The park is divided into five areas — the central, north, east, south and west zones, with each of these having a separate entrance fee. Of these, the central zone is the largest and has the most impressive ruins. Of course, this also meant more tourists, but at Sukhothai it was far from overwhelming. A tour group of 10 people, a few couples on bicycles, it was still easy to find peace and quiet here.
I found myself wondering why Sukhothai isn’t more popular. These ruins were seriously impressive and yet it rarely makes it onto travellers’ itineraries. But anyway, this was a good thing. No crowds make us very happy.
The night view of Sukhothai’s main street with lots of restaurants. Food selection in this small town is relatively limited. Therefore, the top option is 7-11 where you can buy fast food and they also taste good.
In the evening, we planned to find the way to Wat Saphan Hin, preparing for watching the sunrise there next morning. Before we set out, we only knew that it was located on the crest of a hill that rises about 200m above the plain. Half way of the riding there, it’s getting late and the light faded. I then noticed all the street lights had failed. Without road lamps, the village is pitch-black, with only dogs barking and some trucks roaring past.
After consulting some locals who could not give us the specific directions, we had to give up and continue our search next morning. So we ventured into the darkness next day around 5:30 am when the sky has not yet broken. It is a long 30 min ride but seemed as long as a century. Without road lamp, we have to bring our flashlight. Our phones had no Wifi or mobile data to connect, we have to find the way all depending on our sense of direction. But we finally get into the wrong track and was lost in a small yard. I can hear several dogs barking and running towards us. I could hardly describe how creepy I felt at that moment.
Fortunately, we recognised the coming roads and ran away as quick as we could, to get rid of those huge wild monsters. It is really too dark to find the way up to the hill. We almost gave up until we saw a woman, riding her bike closer and closer. We are more than delightful to meet her and more importantly, she is also Chinese and came from the same city as us! She looked quite brave and rushed into the brushwood to read the signals, all written in Thai…

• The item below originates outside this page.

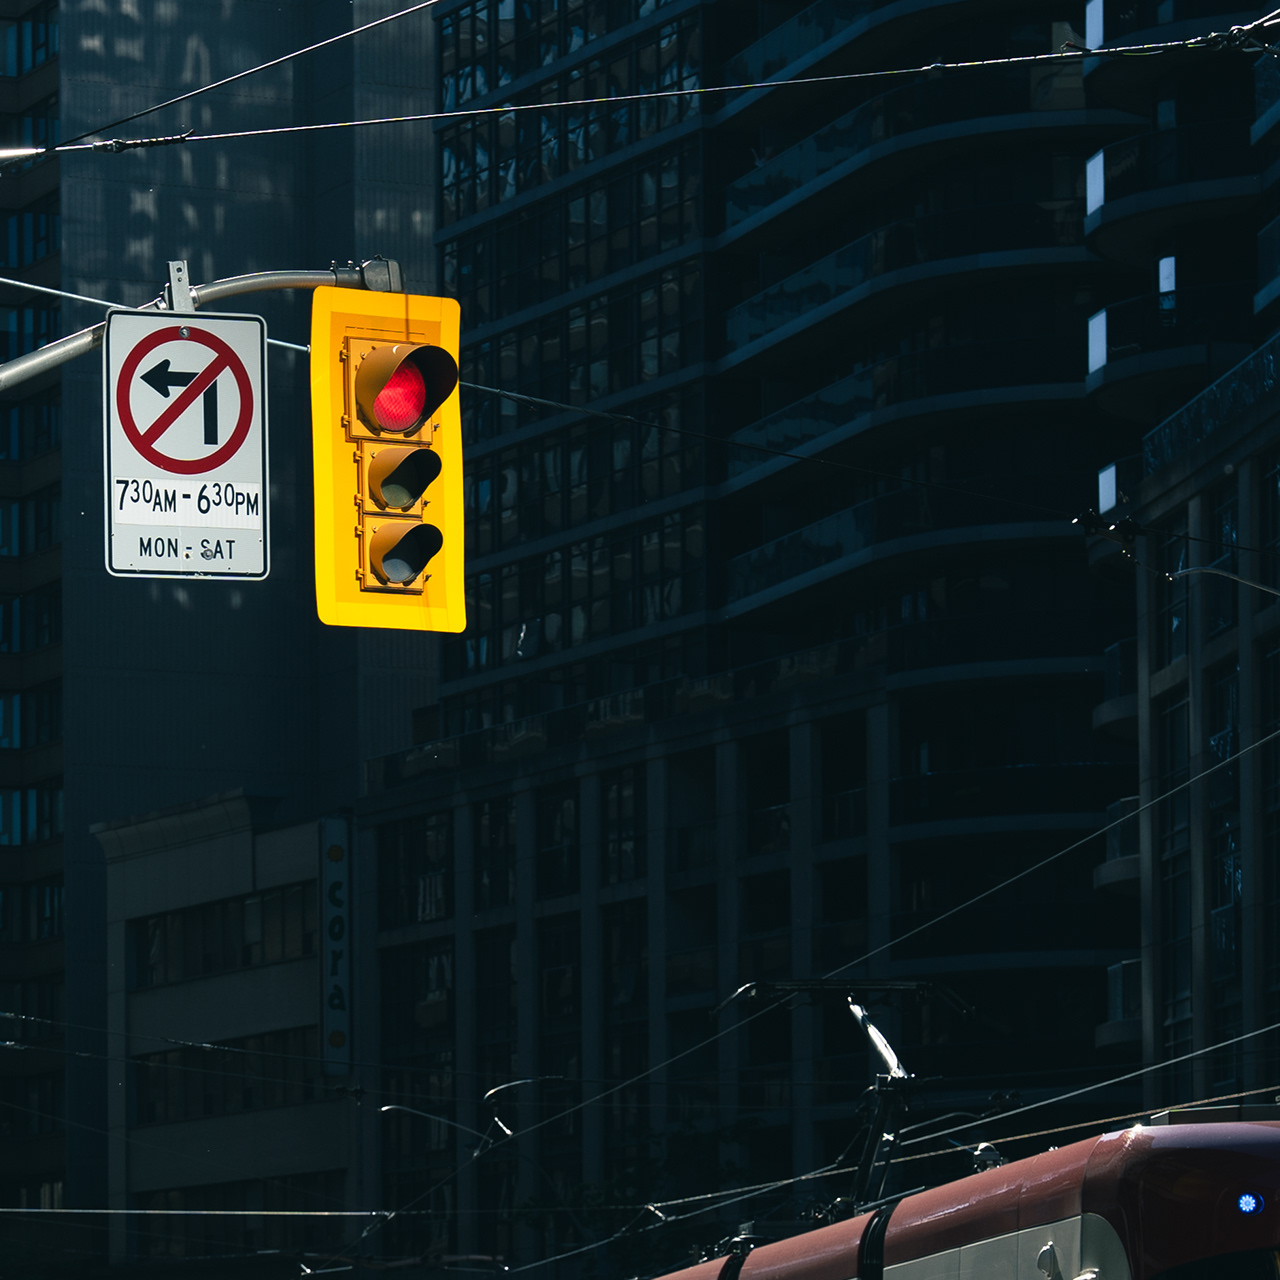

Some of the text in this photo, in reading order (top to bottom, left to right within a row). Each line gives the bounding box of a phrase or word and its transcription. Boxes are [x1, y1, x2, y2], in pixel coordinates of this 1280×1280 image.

[139, 537, 178, 558] MON
[200, 539, 235, 560] SAT
[328, 880, 346, 1012] Cora

She ultimately led us to the entrance of Wat Saphan Hin – a uphill road stretching in front of us.
Then, the most incredible views in my entire life appeared as the sun went up. All the fears were gone and all the efforts were paid off. I almost cried!
A couple and a family also climbed up after we arrived. There are no more than 10 people in total we met all along the adventures. But really a precious memory in life!
Seriously, Sukhothai is amazing.
If you’re planning on visiting Thailand you should definitely try to work it into your itinerary. You won’t be disappointed.